As with researching any product, there are specific hardware components and usage requirements a manufacturer should consider before investing.
On the hardware side, Breunig says generally speaking, inkjet printing requires less integration and product handling support hardware than a contact device does.
“Like adding any new component into a packaging line it can take some specialized engineering to maximize the efficiency of the product,” admits Krzykwa. However, CIJ printers are easy to setup compared to other forms of printing. “All that is required is an area where the material can pass by the printhead at a consistent speed and distance from the printhead.”
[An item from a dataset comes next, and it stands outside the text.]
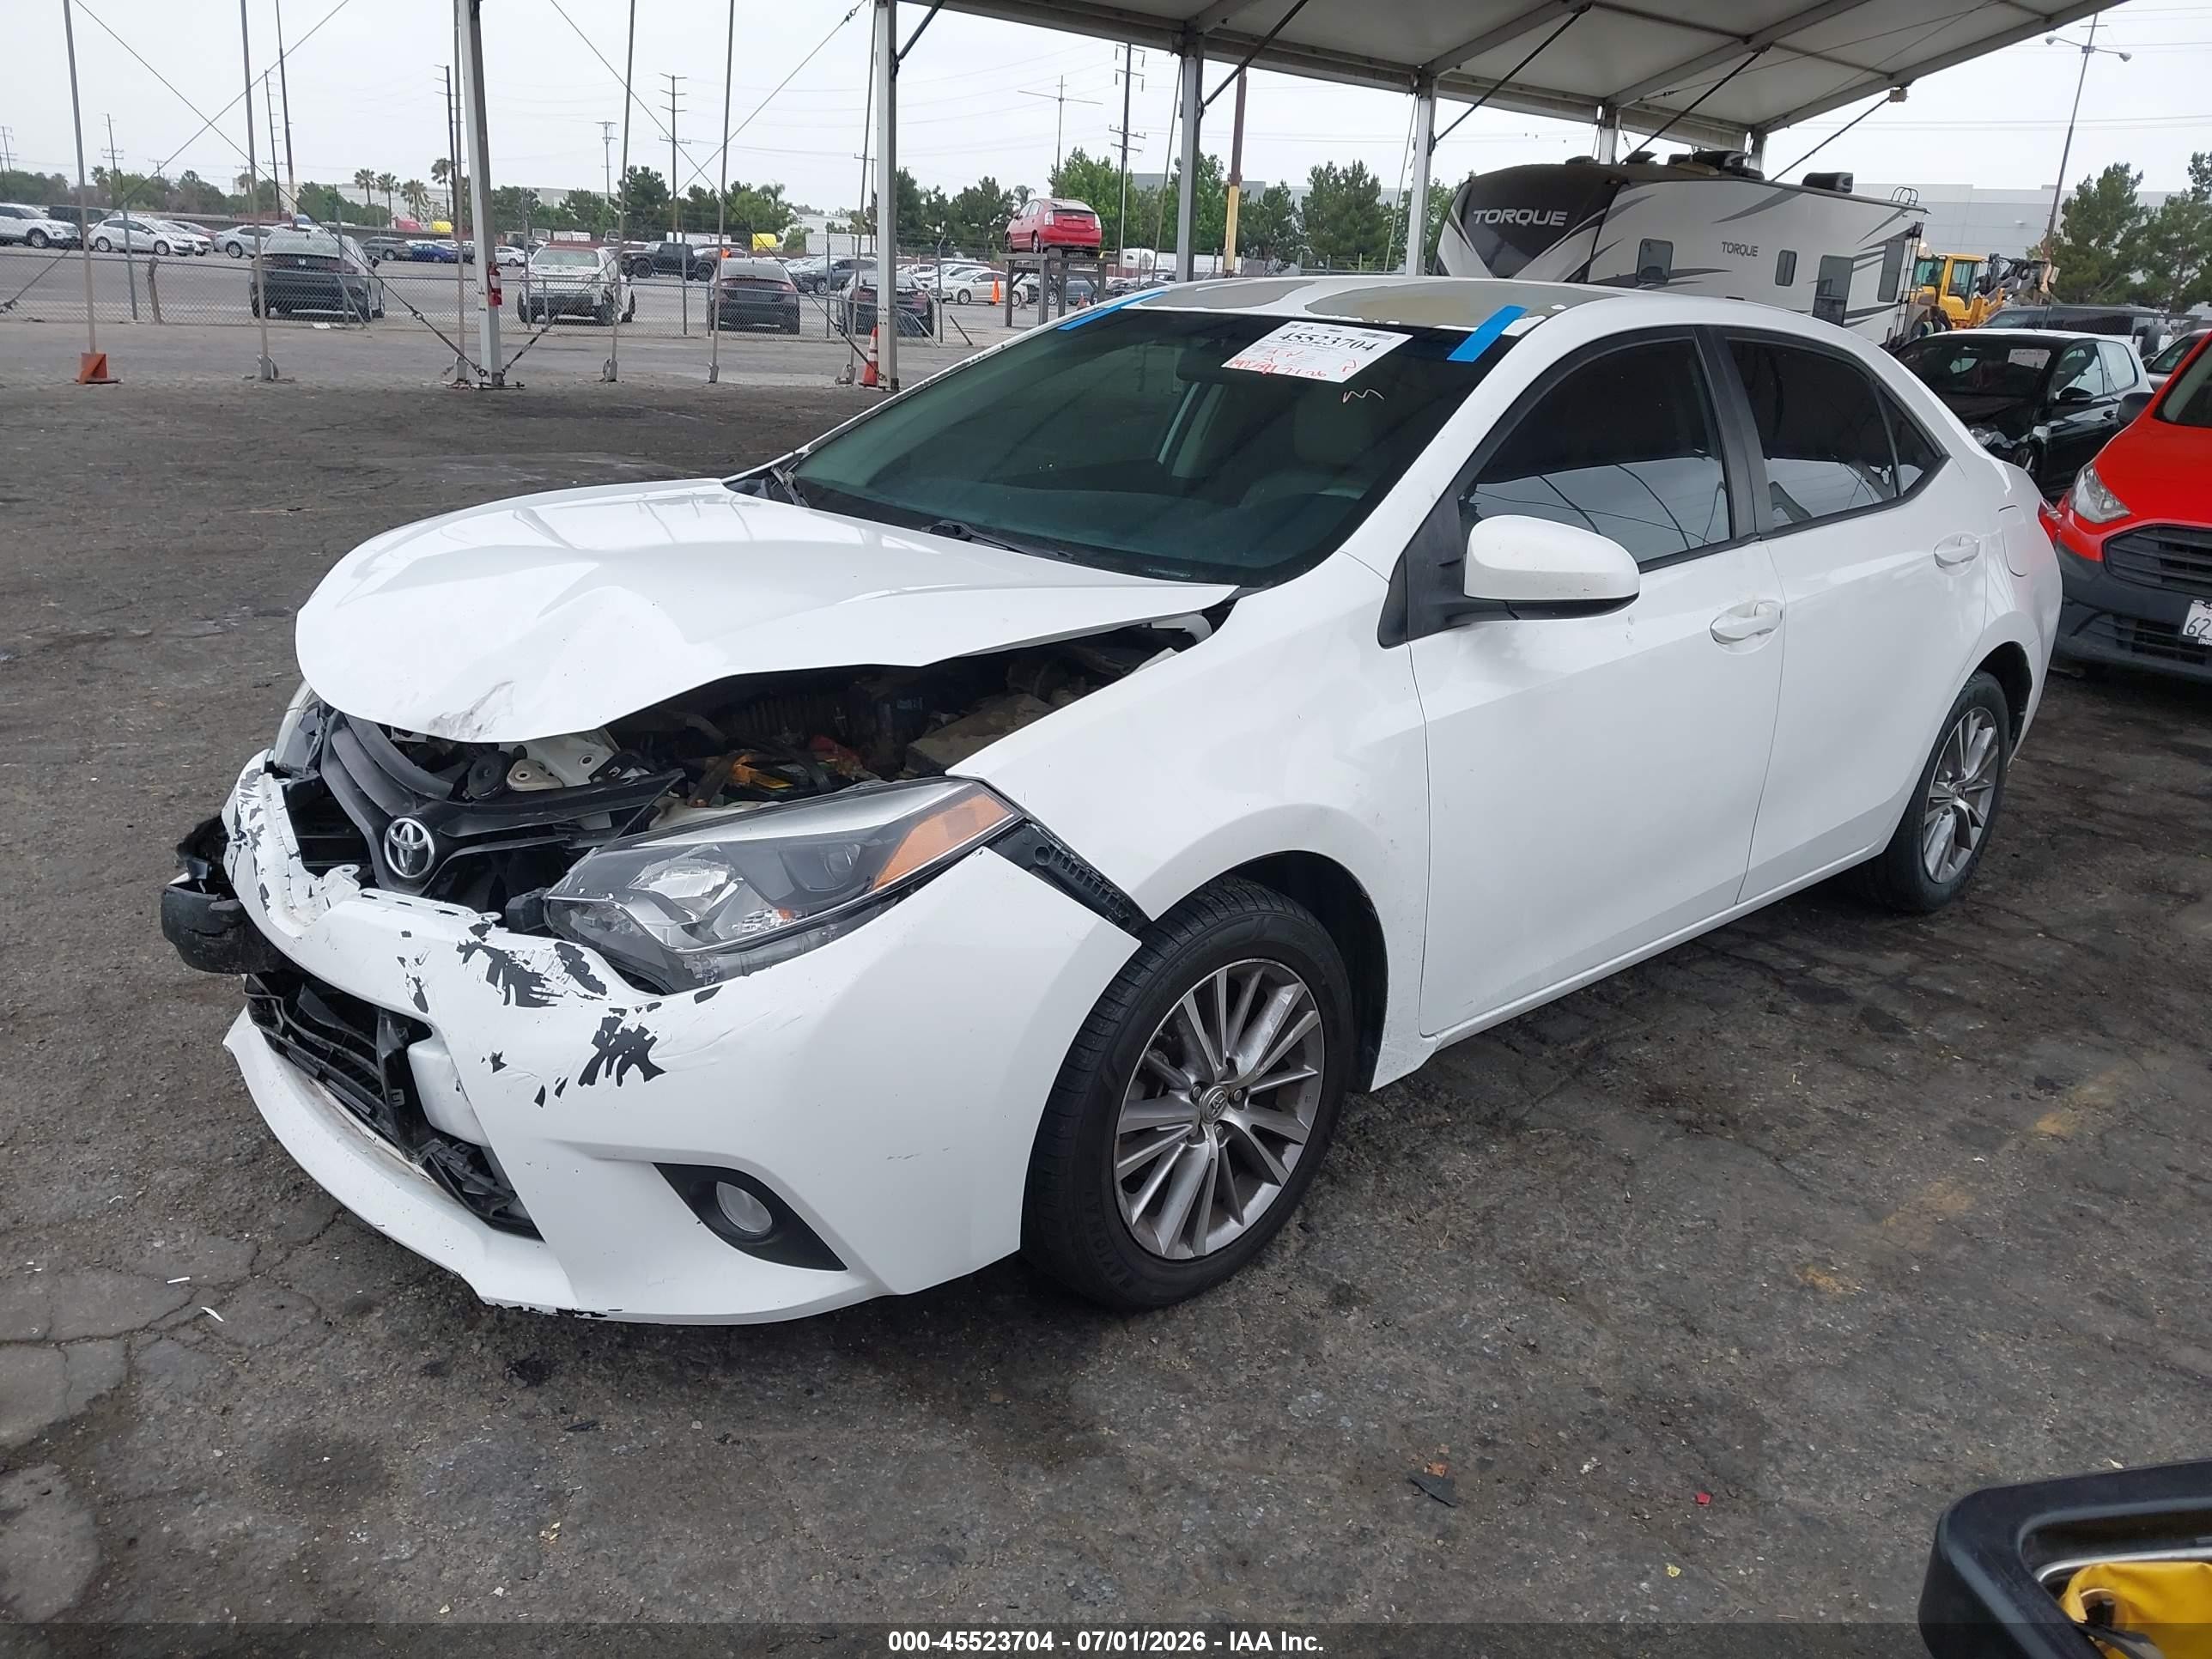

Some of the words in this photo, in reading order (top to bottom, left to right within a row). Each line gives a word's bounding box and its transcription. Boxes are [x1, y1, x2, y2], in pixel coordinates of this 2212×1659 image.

[1473, 208, 1568, 227] TORQUE
[1721, 240, 1759, 258] TORQUE
[1279, 331, 1379, 352] 45523704
Jensen suggests interested buyers ask important questions prior to financially committing to a device. These include a focus on type and amount of maintenance. Will it be serviced by your own personnel or a specialist? Are the components field repairable? Do they have a lifespan that could stop production or are costly to replace? What is the cost of ownership over the lifetime of the device?
Mark and Code Anything
Inkjet is making significant inroads into the marking and coding community. Contactless by nature, it’s ideal for any product that needs to be marked or coded on a fast-speed production line. This includes irregular shapes, rough or slippery surfaces, and small or large in size.